Masa bodoh dengan hal itu, dirinya lebih memilih untuk pergi ke kamarnya. Mengingat dirinya yang bau keringat.
Flashback on
Farida mendengus sebal karena perbuatan Rayhan. Dirinya yang baru saja keluar rumah sakit langsung diminta untuk kembali ke Jakarta. Alasannya sangat mudah, Rayhan mendapatkan dinas keesokan harinya.
"Kenapa nggak pulang malam nanti aja?" gerutu Farida sambil menghentakkan kakinya sebal.
"Nggak bisa. Kalo nanti malam, aku nggak dapet persiapan buat tidur dulu. Aku harus fit buat flight besok pagi." jelas Rayhan sambil menarik koper miliknya.
"Tapi kan kita belum sempat ke Gresik! Terus di Surabaya juga sebentar doang! Kamu ikhlas nggak sih, Ray!?" protes Farida dengan sedikit emosi.
"Far, kamu bisa diem nggak sih! Masalah liburan besok juga bisa! Kapan sih kamu bisa lebih dewasa!?" seru Rayhan karena geram dengan ucapan Farida yang baginya sangat tak masuk akal.
"Terserah!" balas Farida dengan ketus. Ia mendahului Rayhan agar segera masuk ke dalam pesawat.
Di dalam pesawat tidak ada yang membuka obrolan. Rayhan cukup tenang akan hal ini, namun tidak untuk Farida yang memasang wajah lusuhnya.
Sampai di depan rumah masing-masing pun tidak ada yang membuka obrolan. Rayhan memilih masuk rumahnya tanpa berpamitan terlebih dahulu dengan Farida.
Flashback off
️✈️
Rayhan masih mengurungkan diri di kamarnya. Ia bingung harus turun ke bawah atau tidak. Ia takut terjebak masa lalu lagi, apalagi ia masih ada masalah dengan Farida yang marah pada dirinya.
"Han? Kok nggak keluar, sih?" gerutu Laras yang tiba-tiba membuka pintu kamar Rayhan.
"Iya bun, bentar lagi. Baru juga selesai mandi." jawab Rayhan dengan sedikit cengengesan.
"Yaudah ayo! Ikut bunda sekarang." Laras menarik tangan Rayhan untuk memaksanya turun.
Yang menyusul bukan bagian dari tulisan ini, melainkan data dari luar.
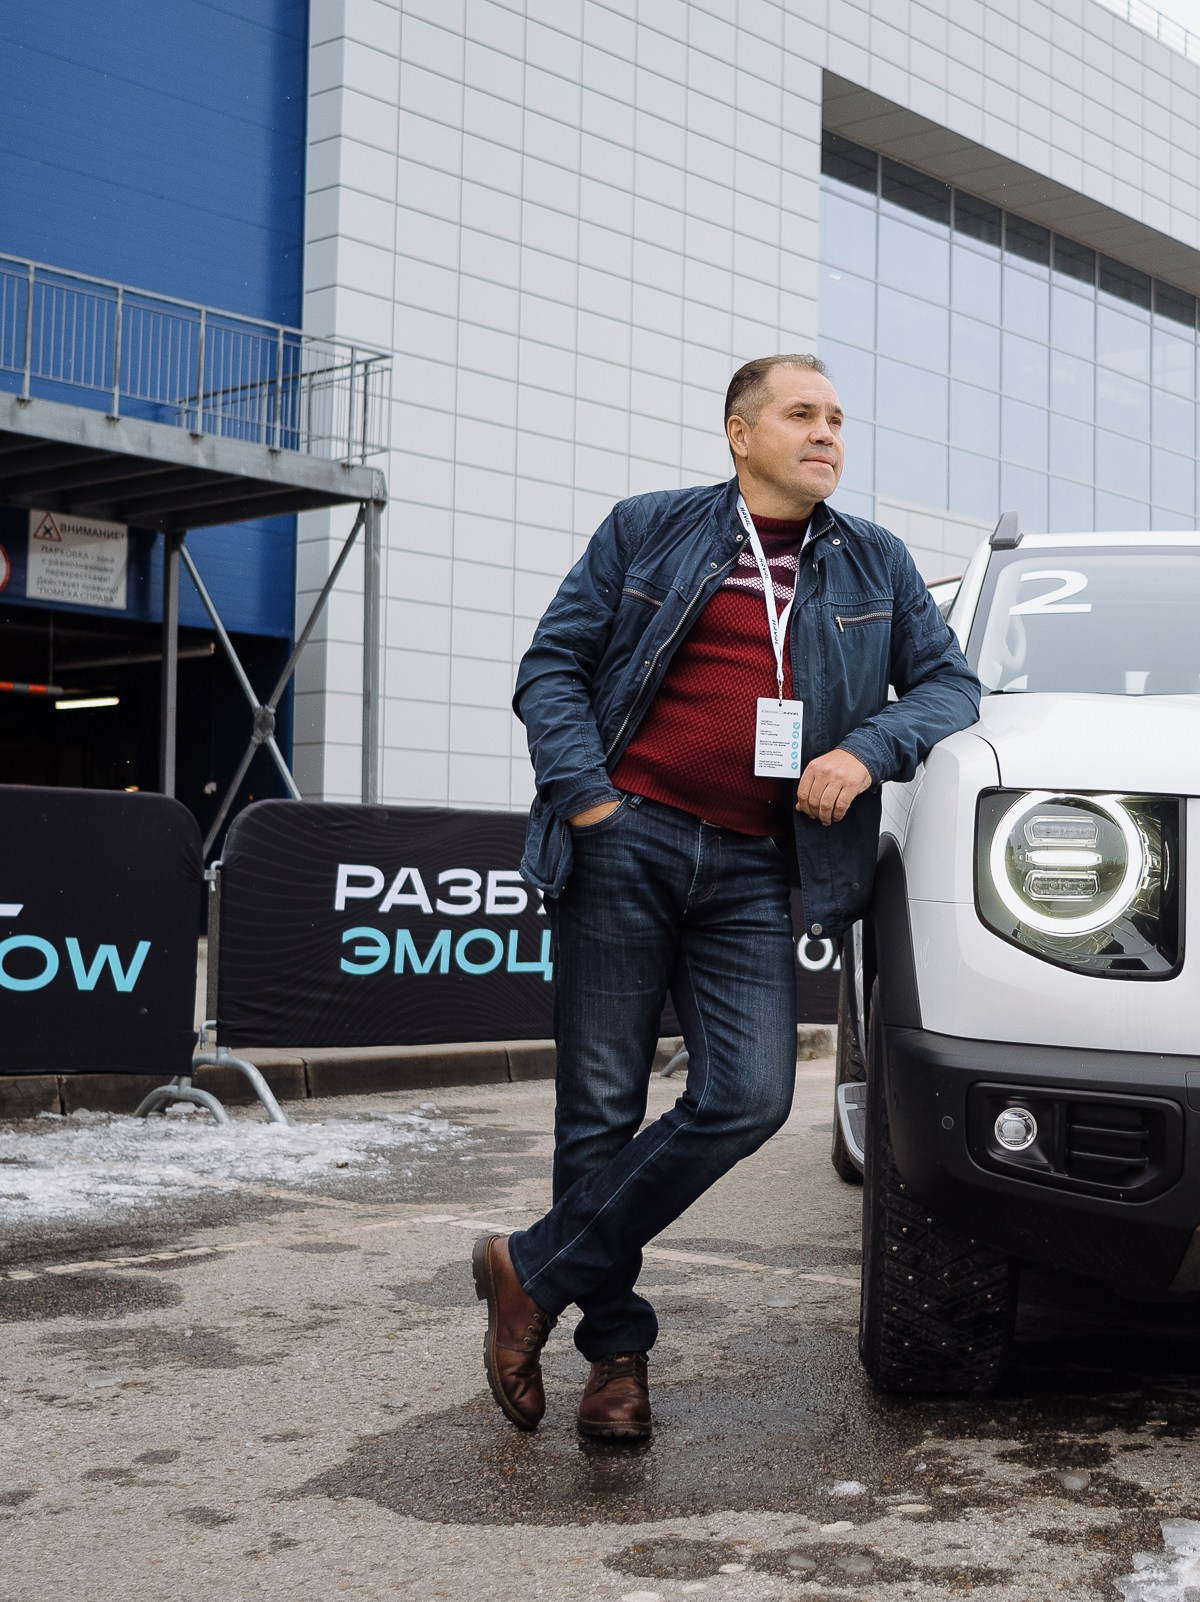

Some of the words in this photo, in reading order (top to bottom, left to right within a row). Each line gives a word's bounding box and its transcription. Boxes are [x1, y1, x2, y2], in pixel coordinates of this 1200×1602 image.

[60, 523, 124, 539] ВНИМАНИЕ!
[1009, 570, 1092, 615] 2
[0, 935, 151, 992] OW
[340, 926, 553, 982] ЭМОЦ
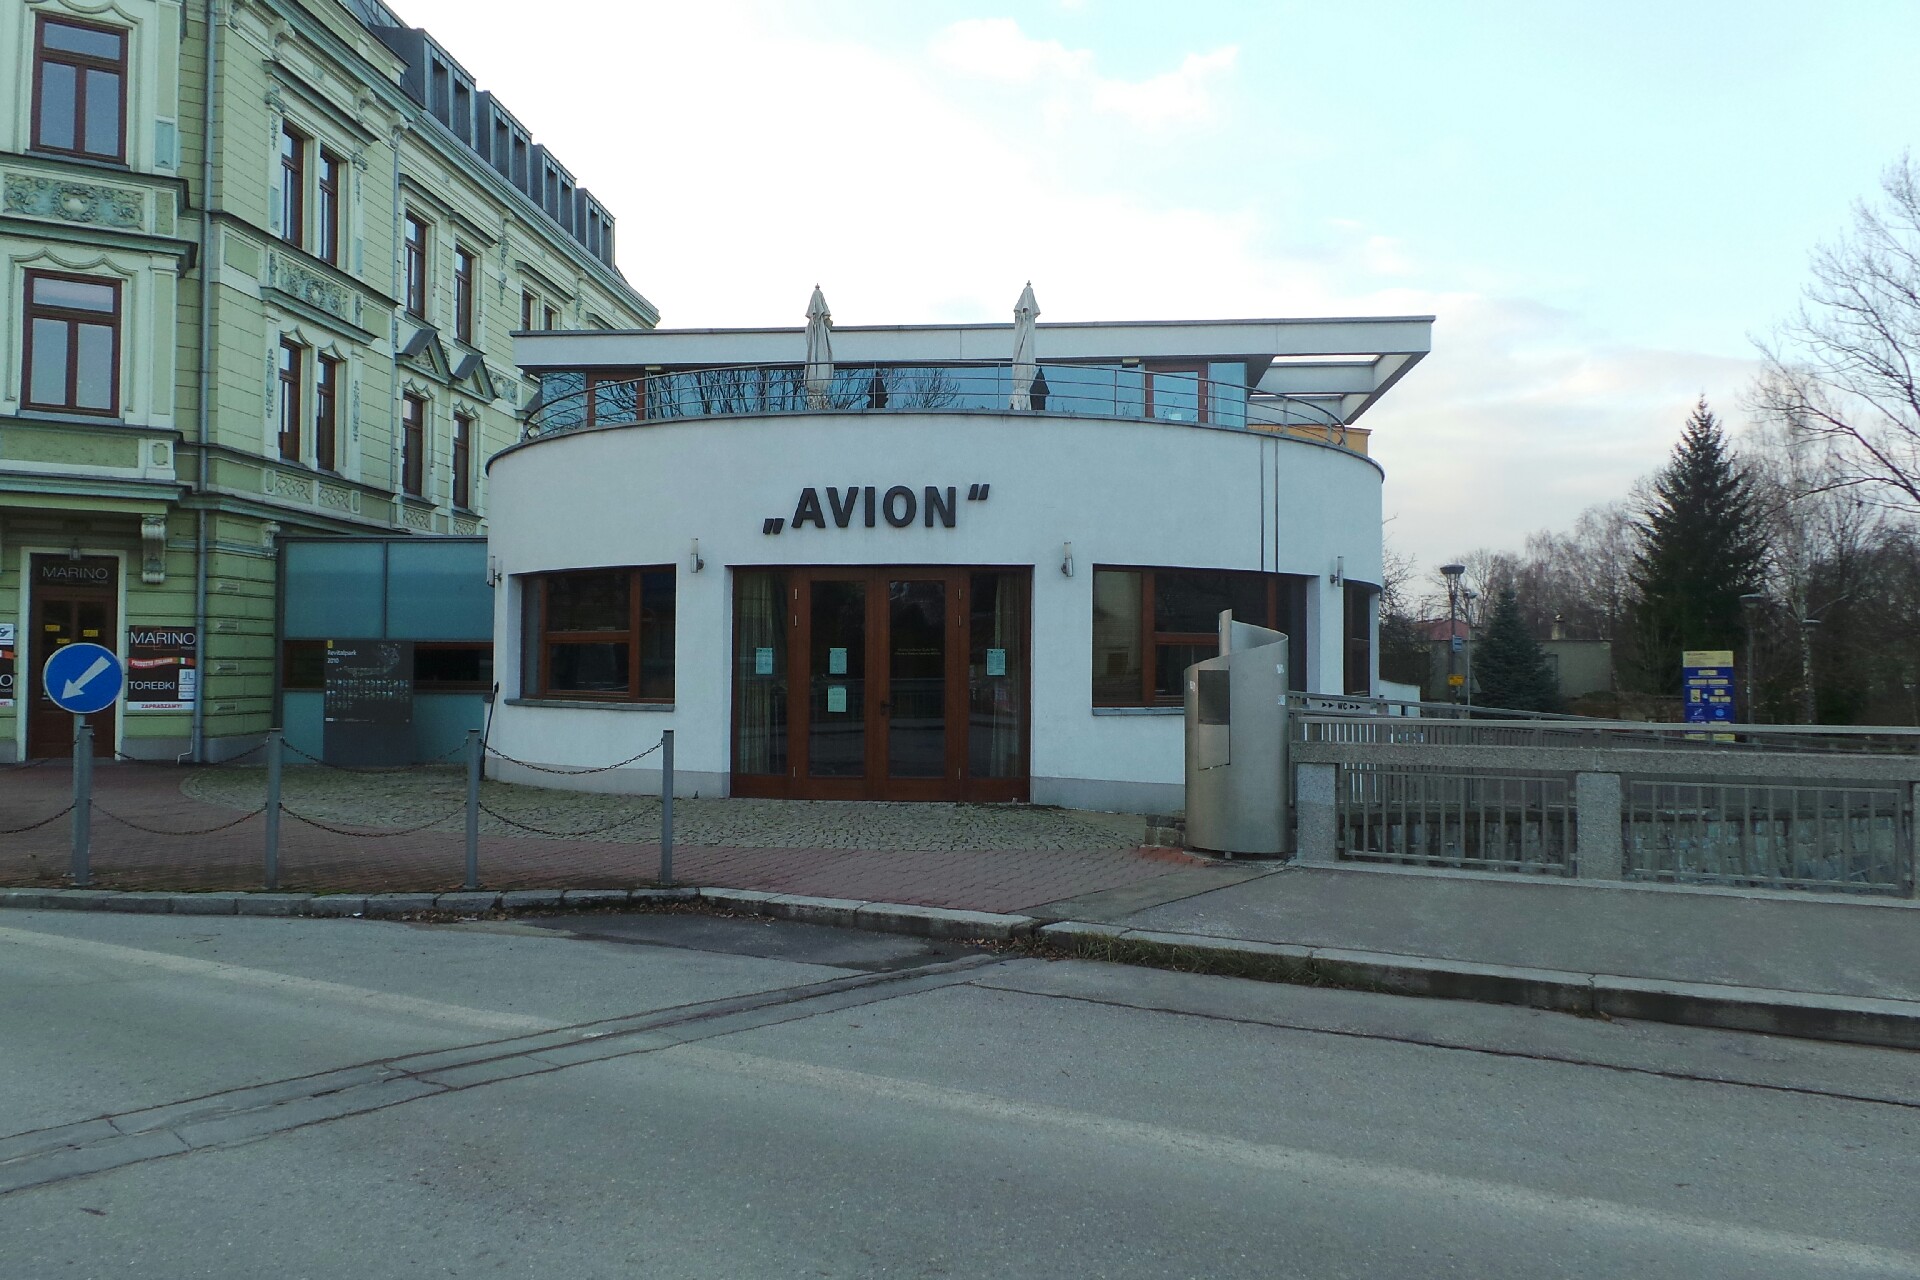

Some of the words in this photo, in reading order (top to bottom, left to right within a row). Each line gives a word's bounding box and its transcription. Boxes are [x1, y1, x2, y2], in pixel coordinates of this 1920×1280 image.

[43, 567, 108, 580] MARINO
[130, 631, 196, 645] MARINO
[129, 681, 175, 690] TOREBKI
[1337, 702, 1348, 710] WC
Suasana yang tadinya hangat menjadi canggung karena kehadiran Rayhan. Sampai akhirnya Saras meminta izin untuk pulang dengan alasan takut dimarahi oleh kak Pram.
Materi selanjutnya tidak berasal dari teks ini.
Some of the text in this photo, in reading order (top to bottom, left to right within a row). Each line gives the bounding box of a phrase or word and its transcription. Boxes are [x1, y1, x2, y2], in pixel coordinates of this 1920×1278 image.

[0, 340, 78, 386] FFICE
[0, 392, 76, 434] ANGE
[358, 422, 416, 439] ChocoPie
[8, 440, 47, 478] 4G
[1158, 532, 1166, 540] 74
"Bunda! Saras pamit pulang dulu ya?" ucap Saras dengan tiba-tiba.
"Loh kok malah pulang? Kan Rayhan baru aja sampai, Ras." protes Laras.
"Ya nggak papa bunda. Saras takut dicariin kak Pram. Nanti malah kak Pram marah lagi sama Saras." Saras tersenyum.
"Oh begitu? Biar Rayhan antar kamu pulang ya." tawar Laras sambil memegang kedua tangan Saras. Seakan berharap Saras mengiyakannya.
"Nggak usah bunda. Kan Rayhan baru pulang, biar dia istirahat saja. Saras bisa pulang sendiri kok."
"Nggak papa, biar saya yang antar kamu pulang, Ras." ucap Rayhan menengahi.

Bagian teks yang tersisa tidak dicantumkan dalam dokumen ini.